Most of these issues often end up being caused by one simple fault: lack of direction in testing. For most packages, and that includes, unfortunately, a lot of my packages, the ebuild’s selftests are nowhere near comprehensive enough to tell whether the package works or not, and unless the tester actually uses the package, there is little chance that he knows really how to test it. Sure that covers most of the common desktop packages and a huge number of server packages, but that’s far from the perfect solution since it’s the less-common packages that require more eyes on the issues.

What the problem is, with most other software, is that it might require specific hardware, software or configuration to actually be tested. And most of the time, it requires a few procedures to be applied to ensure that it is actually tested properly. At the same time, I only know of Java and Emacs team publishing proper testing procedures for at least a subset of their packages. Most packages could use such a documentation, but it’s not something that maintainers, me included, are used to work on. I think that one of the most important tasks here, is to remind developers when asking stable to come up with a testing plan. Maybe after asking a few times, we’ll get to work and write up that documentation, once and for all.

A “new” Tinderbox

While I’m still hoping for somebody to fund the PAM audit and fixup (remember: if you rely on PAM on your Gentoo systems, you really want for somebody to do the work!), and even though I have to reduce the tinderbox costs , I got some pretty cool news for many of you out there.

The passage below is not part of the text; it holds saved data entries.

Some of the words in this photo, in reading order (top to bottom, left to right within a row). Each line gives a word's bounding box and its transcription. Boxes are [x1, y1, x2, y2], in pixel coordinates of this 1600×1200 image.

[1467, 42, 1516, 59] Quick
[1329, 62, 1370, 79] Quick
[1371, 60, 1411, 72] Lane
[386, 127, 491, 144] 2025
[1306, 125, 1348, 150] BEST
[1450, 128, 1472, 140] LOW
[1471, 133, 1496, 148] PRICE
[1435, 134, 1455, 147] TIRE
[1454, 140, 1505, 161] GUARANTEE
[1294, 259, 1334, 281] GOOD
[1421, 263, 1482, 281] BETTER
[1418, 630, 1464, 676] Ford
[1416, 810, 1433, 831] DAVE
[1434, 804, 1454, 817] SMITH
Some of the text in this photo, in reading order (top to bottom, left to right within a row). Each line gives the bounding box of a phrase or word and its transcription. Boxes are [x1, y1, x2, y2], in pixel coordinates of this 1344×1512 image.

Up to now, the tinderbox have been running over the unstable/testing visibility for x86. The new tinderbox, which I simply called tinderbox64, uses instead the unstable/testing for amd64.

The new tinderbox is now testing ~amd64 rather than ~x86.

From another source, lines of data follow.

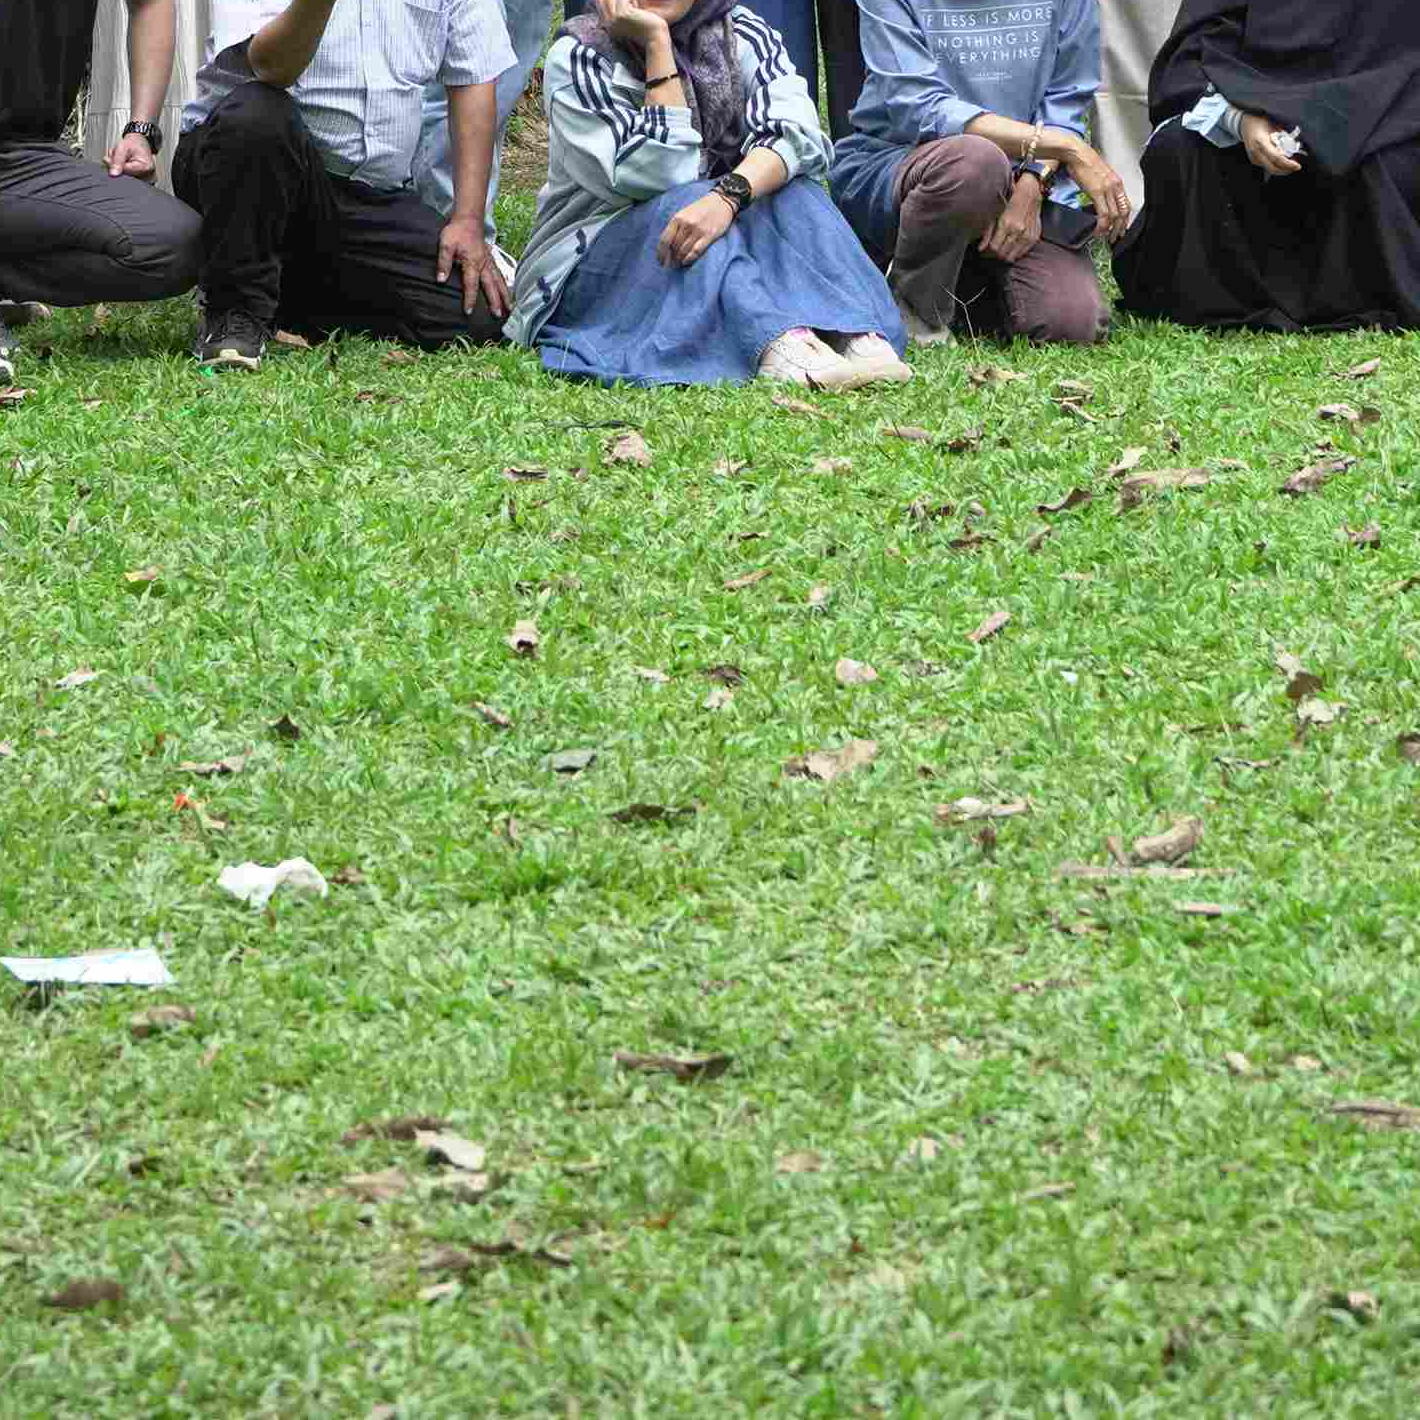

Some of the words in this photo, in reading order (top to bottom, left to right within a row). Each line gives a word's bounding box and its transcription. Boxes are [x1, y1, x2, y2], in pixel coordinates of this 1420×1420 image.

[942, 11, 977, 28] LESS
[985, 11, 999, 25] IS
[937, 31, 1018, 49] NOTHING
[1026, 29, 1039, 43] IS
[934, 46, 1041, 65] EVERYTHING

Why did I decide to go this route? Well, while the 64-bit builds require more space and time, I thought a bit about it, and even the stuff I introduce does not get keyworded ~x86 right away; it’s ignoring tests on my own stuff! Beside, with even my router moving to 64-bit to give the best with hardened, I start to think x86 is not really relevant for anything, nowadays.

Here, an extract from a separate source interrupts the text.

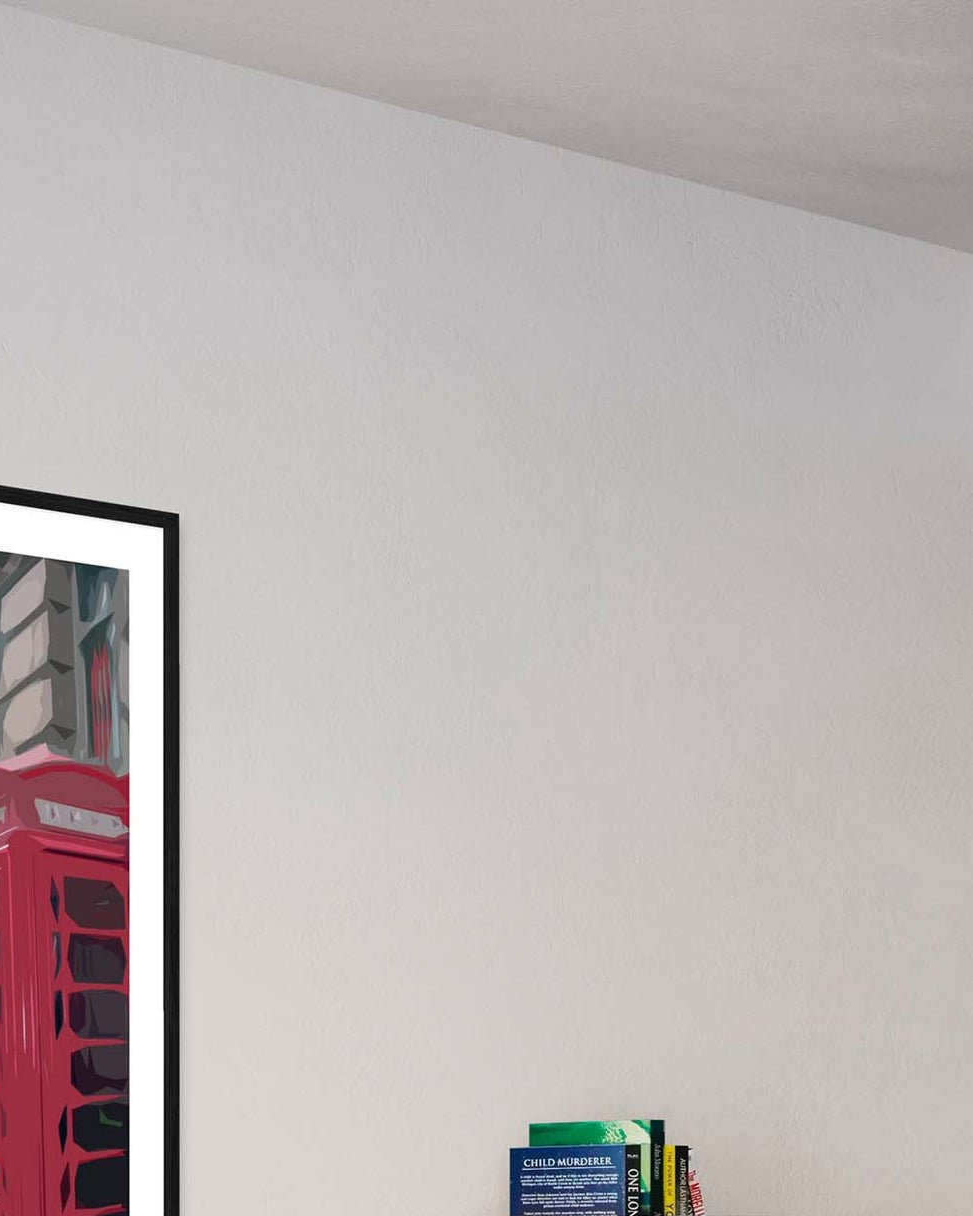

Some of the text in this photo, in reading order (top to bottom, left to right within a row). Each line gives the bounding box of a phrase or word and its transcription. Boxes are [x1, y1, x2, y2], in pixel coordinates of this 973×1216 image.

[523, 1156, 612, 1168] CHILD MURDERER
[627, 1168, 639, 1192] ONE

It’s not all there of course; there are a number of issues that only appear on 64-bit (well, there are almost as many that only appear on 32-bit but for now let me focus on those): integer and buffer overflows, implicit function declarations that truncate pointers to integer, 64-bit unsafety that makes packages fail to build… All these conditions are more relevant because 64-bit is what you should be using on most modern systems, so they should be the ones tested, even more than ~x86.

Now of course it would be better to have both tinderboxes running, and I think I could get the two of them to run in parallel, but then I’d need a new “frontend” system, one I could use both for storage and for virtual machine hosting; probably something a little more beefy that the laptop I’m using, mostly in term of RAM, would be quite nice (the i7 performs quite nicely, but 4GB of RAM is just too little to play with KVM). But even if I could afford to buy a new frontend now (I cannot), it would still be a higher cost on a monthly basis in power. Right now I can roughly estimate that between power, and the maintenance costs (harddisks, UPSes, network connection), running the tinderbox is costing me between €150 and €200/month, which is not something I can easily afford, especially considering that last year, net of taxes and most expenses, I had an income of €500/month to pay for groceries and food. Whoopsie. And this is obviously without including the time I’m spending for manually review the results, or fixing them.

Anyway, expect another flood of bugs once the tinderbox gets again up to speed; for now, it might find a few more problems that previously it ignored, since it started building from scratch. And while the 32-bit filesystem is frozen, I’ll probably find some time to run again the collision-detection script that is part of Ruby-ELF that is supposed to find possible collisions between libraries and similar, which is something that is particularly important to take into consideration as those bugs tend to be the most complex to debug.